Pur dovendo essere un momento celebrativo – perché i 100 episodi non si raggiungono mica tutti i giorni – l’episodio si trascina stancamente per quaranta minuti, riproponendo una carrellata di vecchi personaggi trapassati (alcuni dei quali ho fatto seriamente fatica a ricordare chi fossero) e dedicando i canonici flashback che hanno sfracellato le palle caratterizzano la serie all’unico personaggio che ancora merita qualcosa in questa serie: Regina.

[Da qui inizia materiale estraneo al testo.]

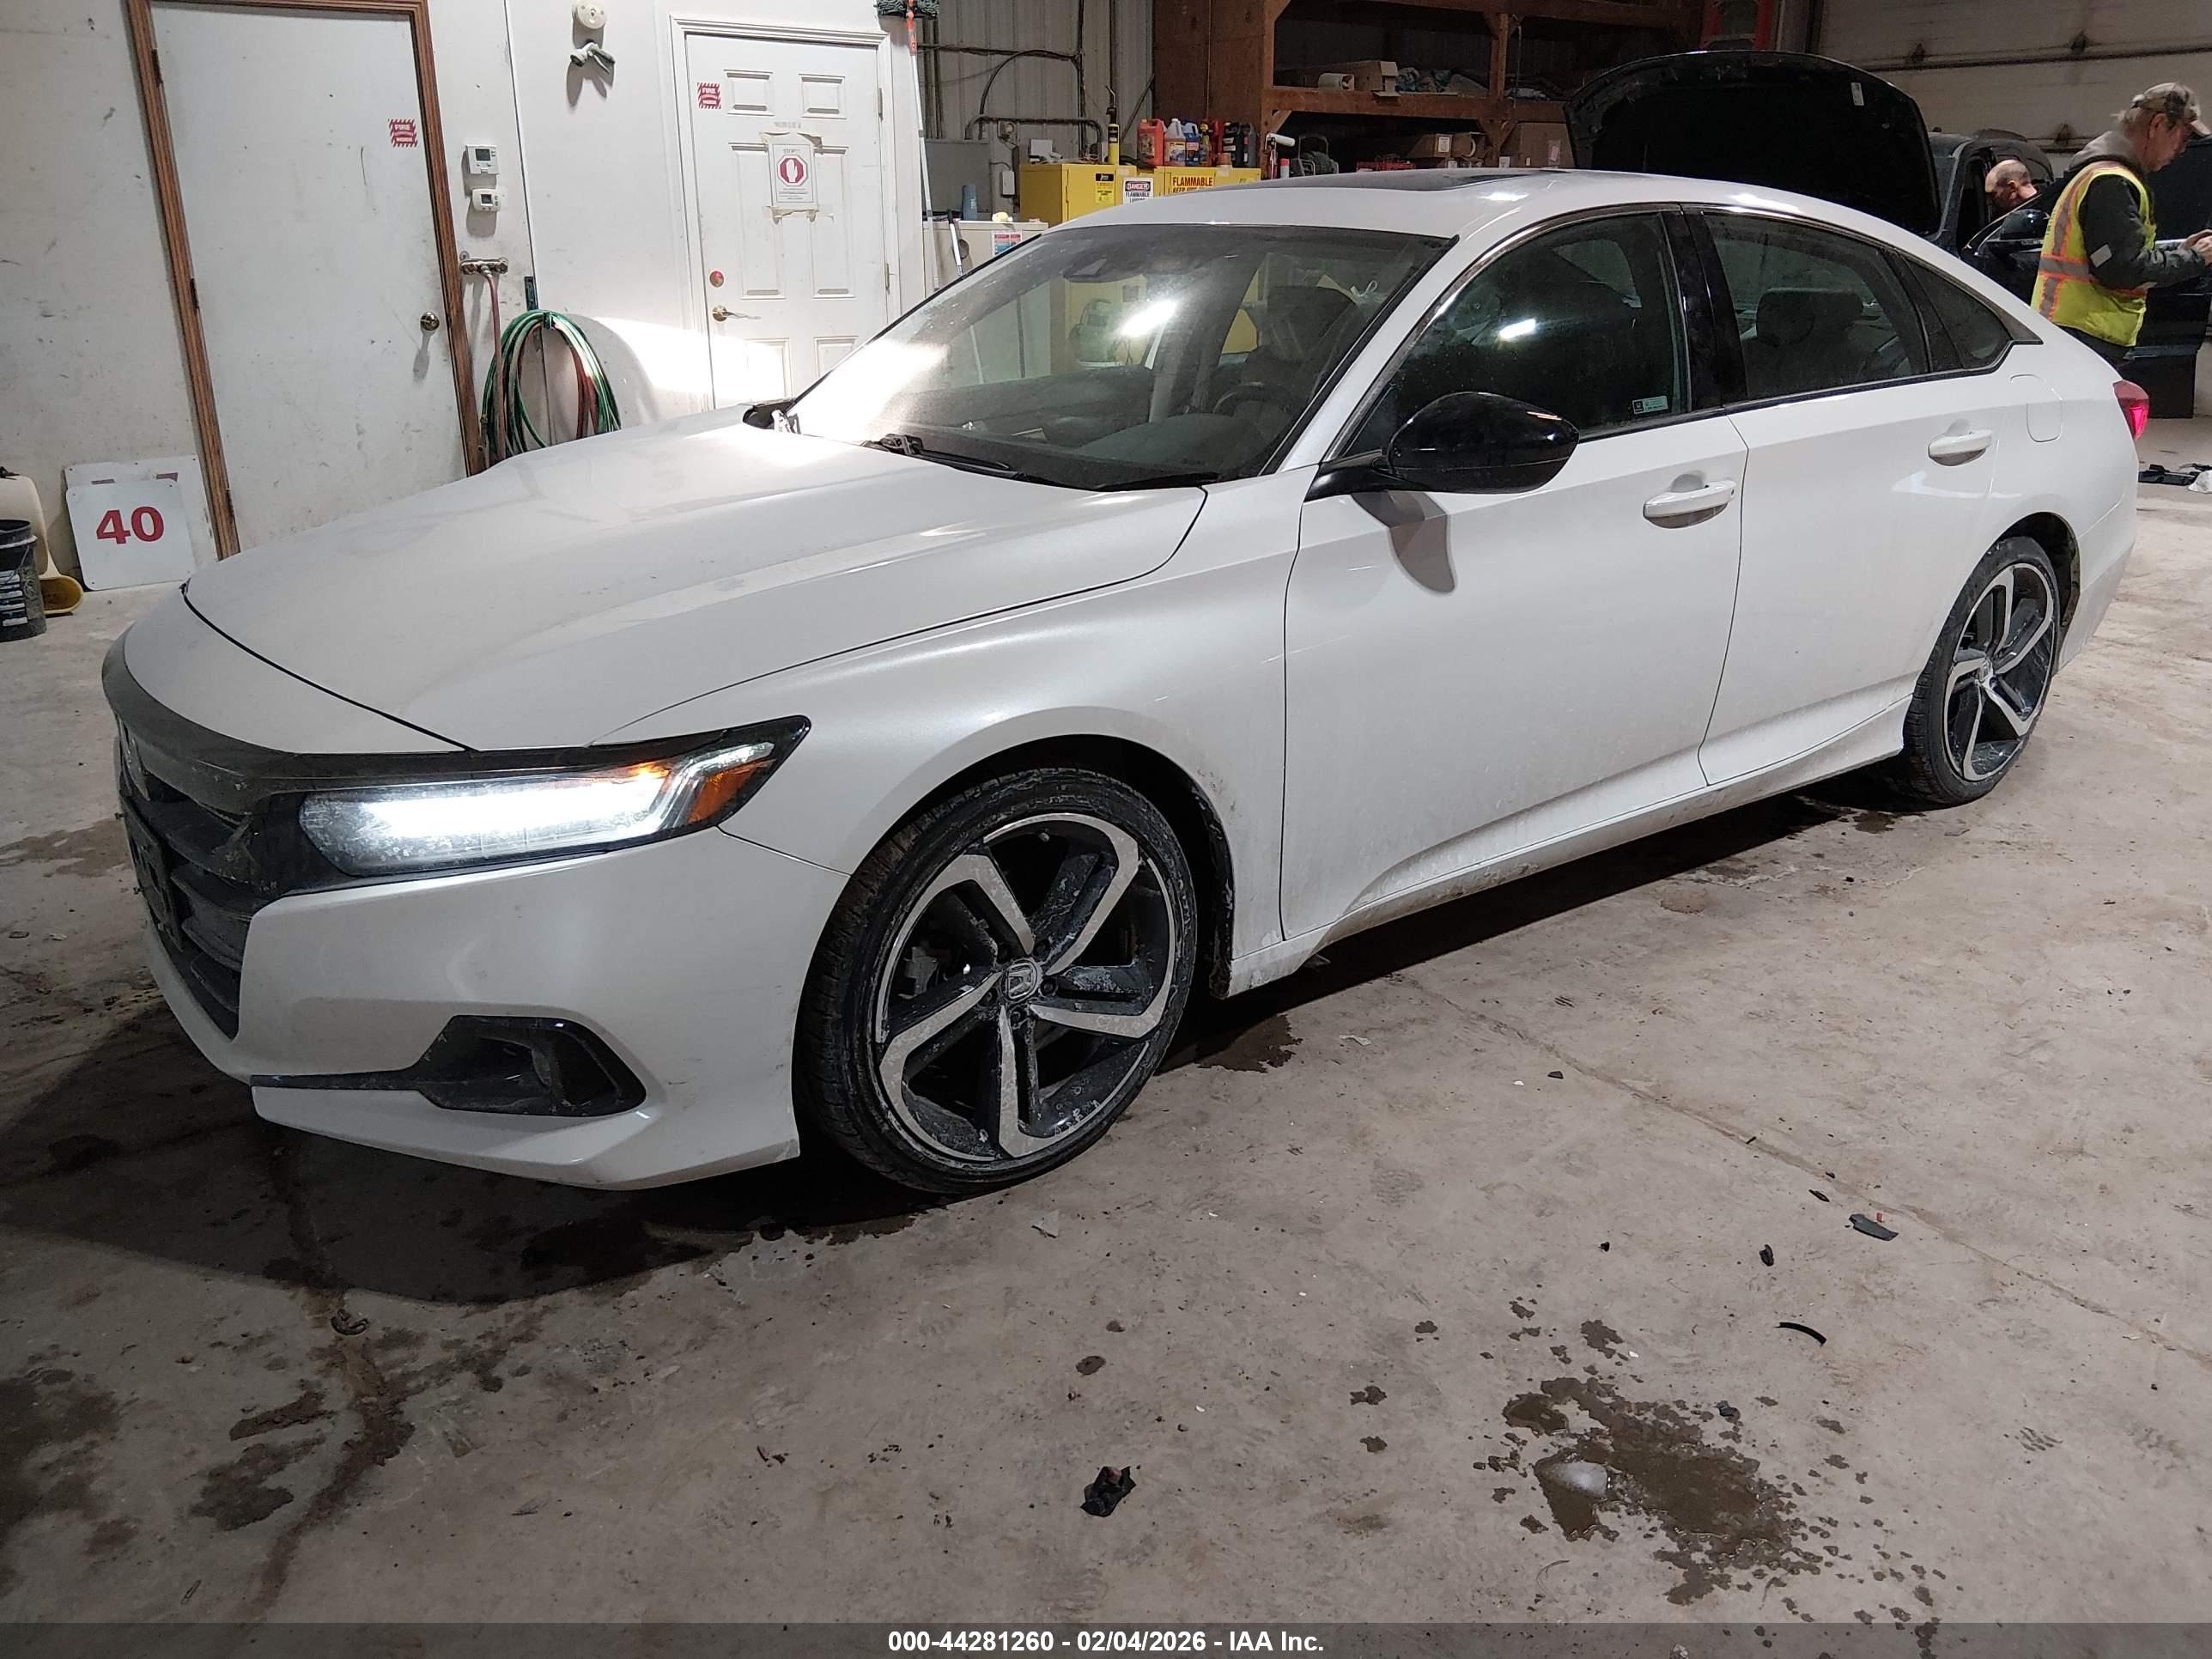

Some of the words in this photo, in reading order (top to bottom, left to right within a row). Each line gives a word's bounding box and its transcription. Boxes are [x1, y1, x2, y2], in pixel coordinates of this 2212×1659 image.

[1127, 182, 1150, 191] DANGER
[1173, 177, 1212, 187] FLAMMABLE
[96, 505, 165, 544] 40

5x12 Once Upon a Time Souls of the Departed Recensione

Il Mondo Sotterraneo in cui arrivano, traghettati, Emma e soci – che viene per l’appunto chiamato Underworld e non Hell – si presenta del tutto simile a Storybrooke. Una perfetta copia della cittadina del Maine, in rovina e tinta di un fastidiosissimo effetto rosso che manco i filtri di instagram, è il palcoscenico dove vanno in scena i “tormenti” di chi si è ritrovato lì e non ha avuto la possibilità di finire in un “mondo migliore”. Questo dettaglio, che il Limbo è eterno tormento e non redenzione, viene rivelato a Emma da Neal; novello Virgilio, accoglie l’ingresso della nostra eroina con un’ammonizione: non è difficile entrare nel regno dei morti, ma è parecchio arduo riemergerne. Il paragone con il sommo Maestro che fece da guida a Dante finisce qua, perché i protagonisti proseguono da soli; mi domando la necessità di inserire un cameo del povero Neal, morto e sepolto da un pezzo ormai, per poi farlo sparire dieci minuti dopo.

5x12 Once Upon a Time Souls of the Departed Recensione

La prima parte di questo viaggio nel Mondo Sotterraneo trova sia Regina che Tremotino impegnati nel confrontarsi con i loro genitori. Quest’ultimo, alla ricerca di uno dei suoi soliti trucchetti magici per ritrovare Hook senza perdere troppo tempo, incappa proprio in Peter Pan, l’amato padre che lui stesso aveva tolto di torno ben due stagioni fa; in questa realtà parallela, è Pan il proprietario del negozio dei pegni, in cui l’ex Dark One sta cercando la Birra di Seonaidh – una pozione che, se versata sulla tomba di un defunto, permette di comunicare proprio con lui. Un blando riferimento a DunBroch, Merida e quella storyline che vorremmo tanto dimenticare.
Peter accenna minacciosamente al figlio che qualsiasi occupante del Limbo, se trova un’anima con cui poter effettuare lo scambio, può ritornare sulla terra; si accettano scommesse su chi ci lascerà la pelle e non tornerà mai in superficie (io dico Robin, perché Regina è la sovrana di mainagioia).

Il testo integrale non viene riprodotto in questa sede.